--- START ---
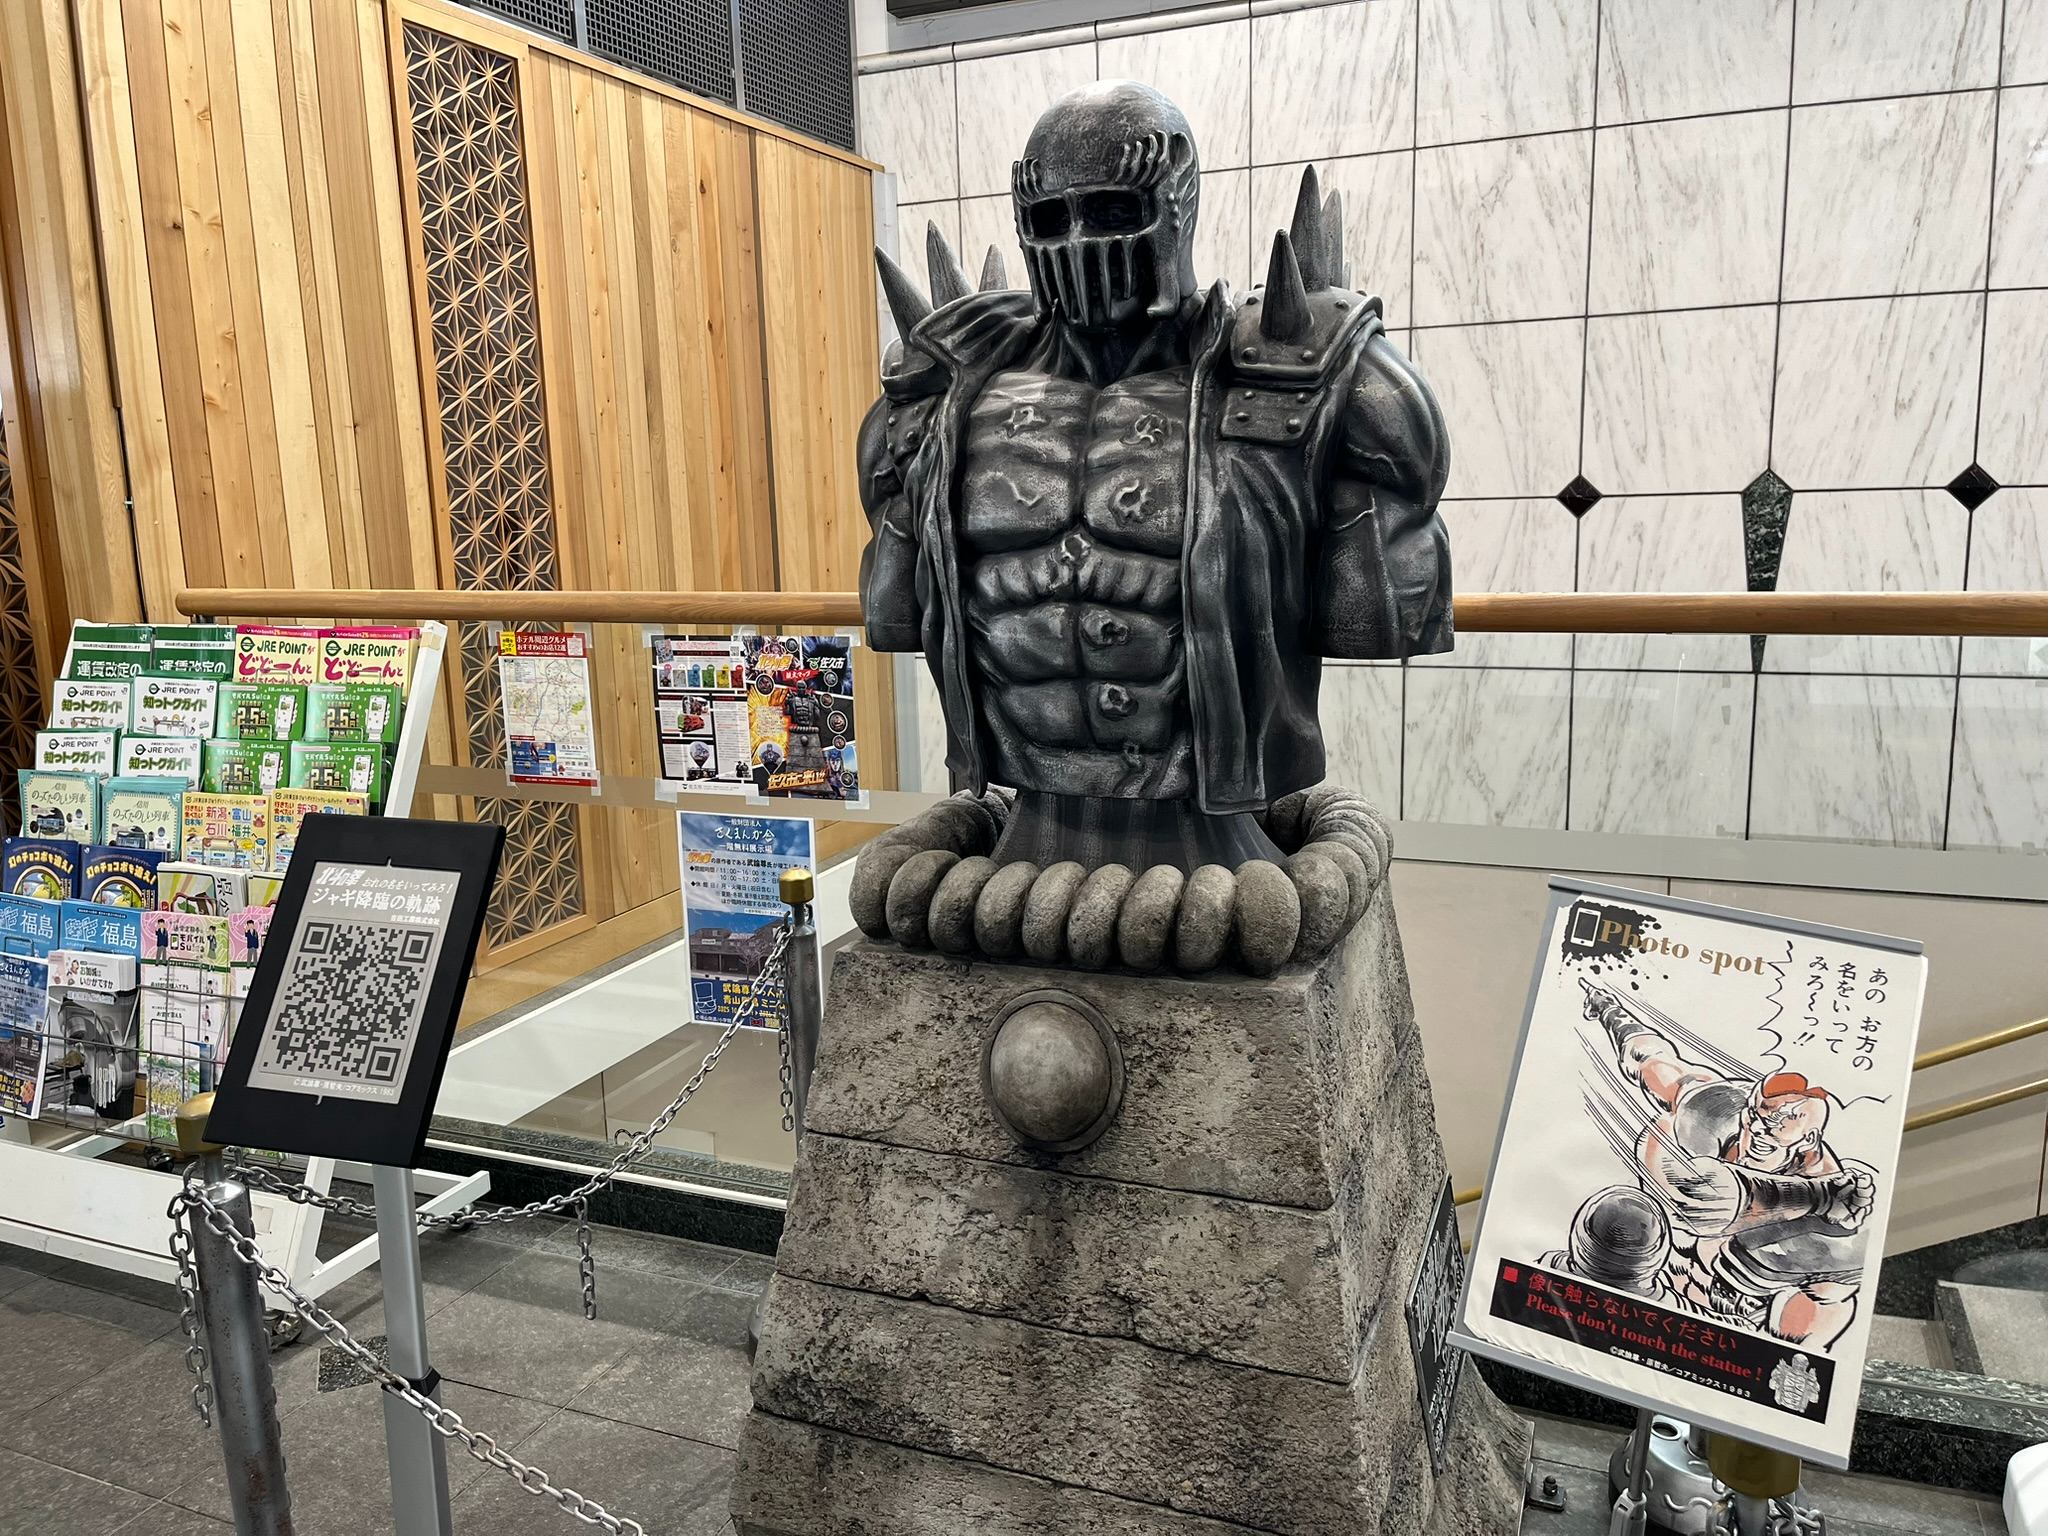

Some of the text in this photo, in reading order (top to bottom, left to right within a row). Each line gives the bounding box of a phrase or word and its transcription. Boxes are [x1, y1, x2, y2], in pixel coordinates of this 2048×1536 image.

[257, 640, 276, 652] JRE
[343, 644, 365, 656] JRE
[77, 660, 142, 677] 運賃改定の
[820, 657, 846, 668] 佐久市
[62, 698, 122, 713] 知っトクガイド
[143, 695, 207, 712] 知っトクガイド
[44, 751, 105, 764] 知っトクガイド
[128, 757, 192, 771] 知っトクガイド
[206, 807, 252, 820] 新潟・富山
[725, 819, 761, 827] 一般財団法人
[720, 843, 773, 853] 一階無料展示場
[316, 867, 366, 886] 北斗の拳
[312, 887, 442, 914] ジャギ降臨の軌跡
[20, 910, 53, 939] 福島
[100, 920, 137, 949] 福島
[180, 934, 205, 944] モバイル
[1599, 918, 1767, 976] Photo spot
[1826, 961, 1857, 1054] 名をいって
[1852, 968, 1889, 1071] あの お方の
[1528, 1272, 1738, 1351] 像に触らないでください
[1525, 1293, 1573, 1323] Please
[1576, 1309, 1618, 1336] don't
[1621, 1325, 1667, 1352] touch
[1671, 1342, 1697, 1361] the
[1700, 1353, 1752, 1378] statue
--- END ---
### About this task
Every entry above should be returned exactly, with no images included.

### Output of the task
Some of the text in this photo, in reading order (top to bottom, left to right within a row). Each line gives the bounding box of a phrase or word and its transcription. Boxes are [x1, y1, x2, y2], in pixel coordinates of this 2048×1536 image.

[257, 640, 276, 652] JRE
[343, 644, 365, 656] JRE
[77, 660, 142, 677] 運賃改定の
[820, 657, 846, 668] 佐久市
[62, 698, 122, 713] 知っトクガイド
[143, 695, 207, 712] 知っトクガイド
[44, 751, 105, 764] 知っトクガイド
[128, 757, 192, 771] 知っトクガイド
[206, 807, 252, 820] 新潟・富山
[725, 819, 761, 827] 一般財団法人
[720, 843, 773, 853] 一階無料展示場
[316, 867, 366, 886] 北斗の拳
[312, 887, 442, 914] ジャギ降臨の軌跡
[20, 910, 53, 939] 福島
[100, 920, 137, 949] 福島
[180, 934, 205, 944] モバイル
[1599, 918, 1767, 976] Photo spot
[1826, 961, 1857, 1054] 名をいって
[1852, 968, 1889, 1071] あの お方の
[1528, 1272, 1738, 1351] 像に触らないでください
[1525, 1293, 1573, 1323] Please
[1576, 1309, 1618, 1336] don't
[1621, 1325, 1667, 1352] touch
[1671, 1342, 1697, 1361] the
[1700, 1353, 1752, 1378] statue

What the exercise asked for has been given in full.